▸ **Assignment**: In your copy of the data, include no pictures and alter nothing else.

================================

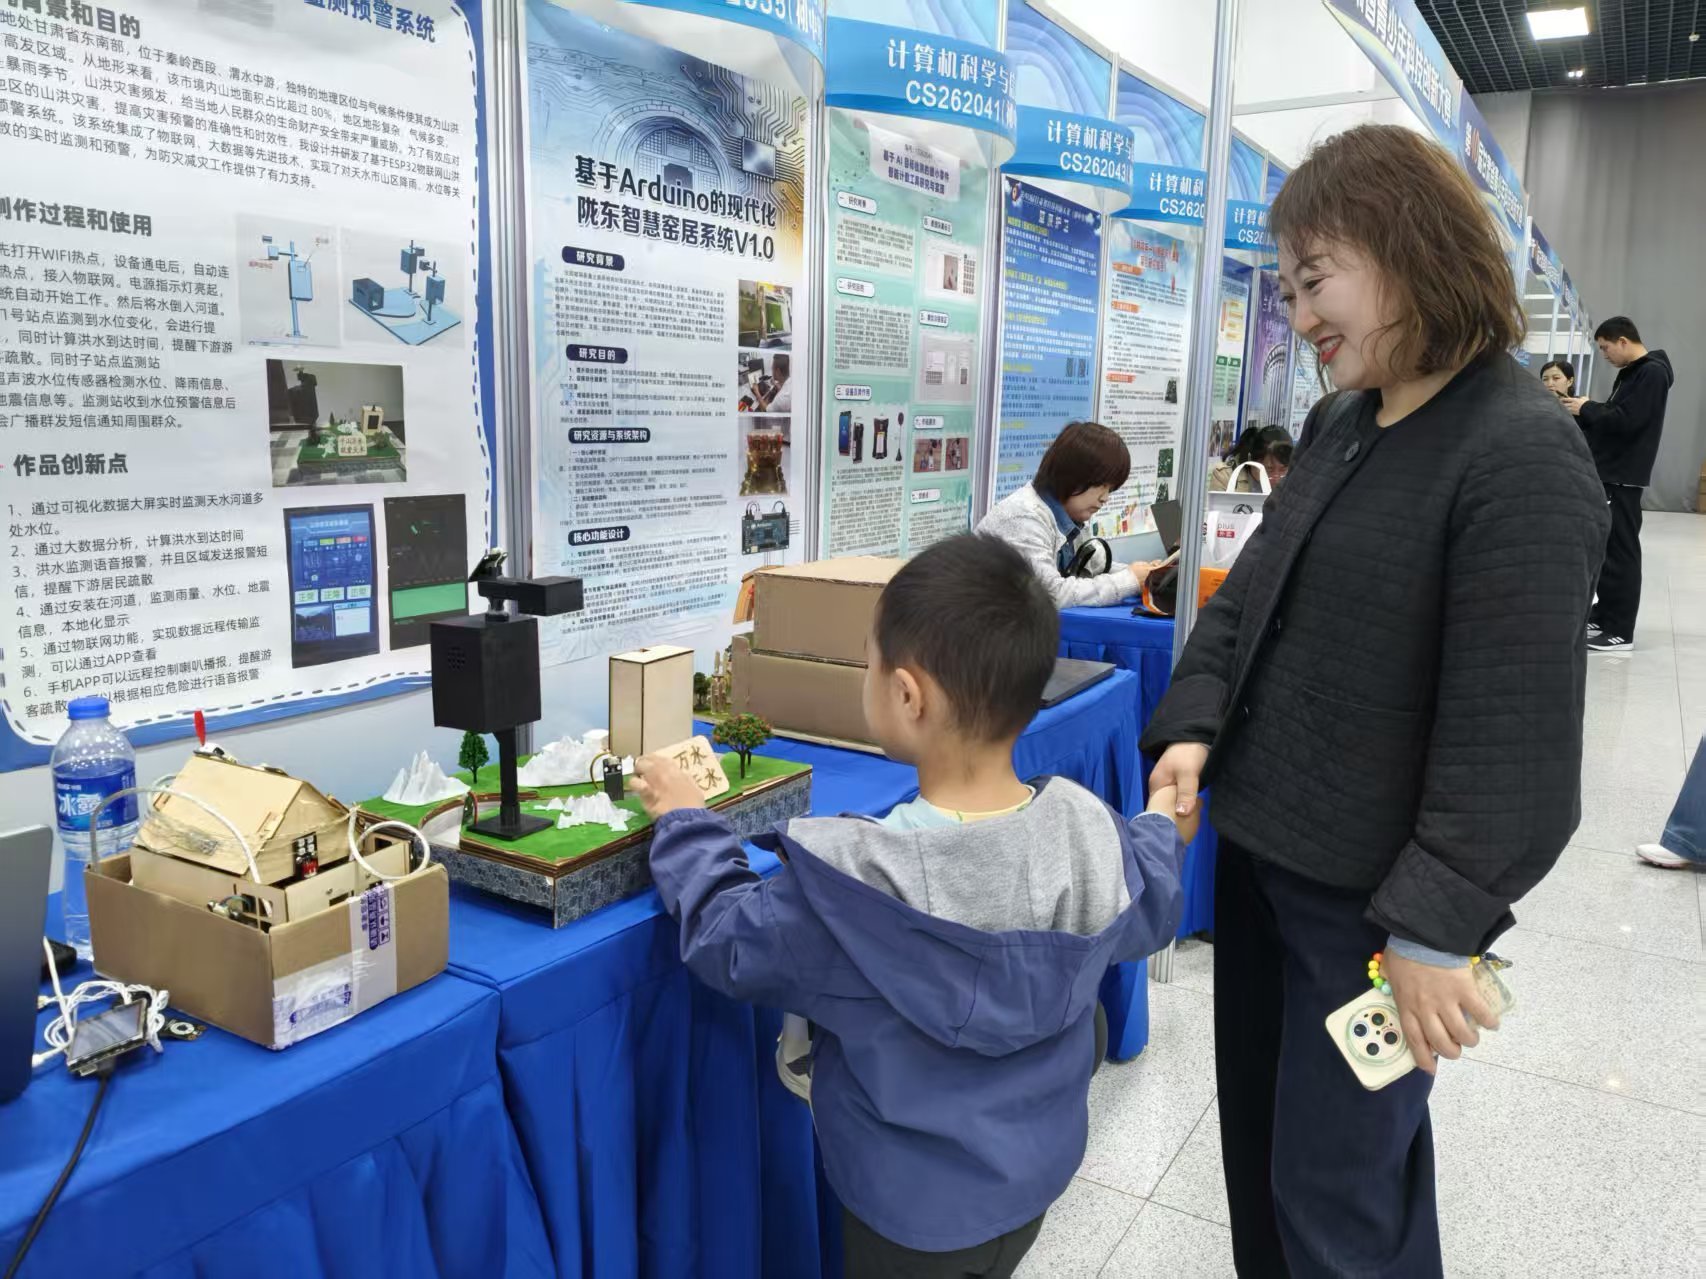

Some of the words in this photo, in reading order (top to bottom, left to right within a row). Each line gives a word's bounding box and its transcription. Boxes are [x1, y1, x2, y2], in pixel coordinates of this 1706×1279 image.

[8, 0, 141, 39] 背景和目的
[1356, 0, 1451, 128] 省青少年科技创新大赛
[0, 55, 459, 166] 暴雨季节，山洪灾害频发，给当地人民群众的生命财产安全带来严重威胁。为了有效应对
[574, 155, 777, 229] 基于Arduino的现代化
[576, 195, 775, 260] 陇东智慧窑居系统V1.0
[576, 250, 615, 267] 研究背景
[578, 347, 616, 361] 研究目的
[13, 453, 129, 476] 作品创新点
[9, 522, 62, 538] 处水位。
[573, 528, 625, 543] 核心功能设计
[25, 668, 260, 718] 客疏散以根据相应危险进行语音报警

================================

▸ **Exercise response**:
Some of the words in this photo, in reading order (top to bottom, left to right within a row). Each line gives a word's bounding box and its transcription. Boxes are [x1, y1, x2, y2], in pixel coordinates of this 1706×1279 image.

[8, 0, 141, 39] 背景和目的
[1356, 0, 1451, 128] 省青少年科技创新大赛
[0, 55, 459, 166] 暴雨季节，山洪灾害频发，给当地人民群众的生命财产安全带来严重威胁。为了有效应对
[574, 155, 777, 229] 基于Arduino的现代化
[576, 195, 775, 260] 陇东智慧窑居系统V1.0
[576, 250, 615, 267] 研究背景
[578, 347, 616, 361] 研究目的
[13, 453, 129, 476] 作品创新点
[9, 522, 62, 538] 处水位。
[573, 528, 625, 543] 核心功能设计
[25, 668, 260, 718] 客疏散以根据相应危险进行语音报警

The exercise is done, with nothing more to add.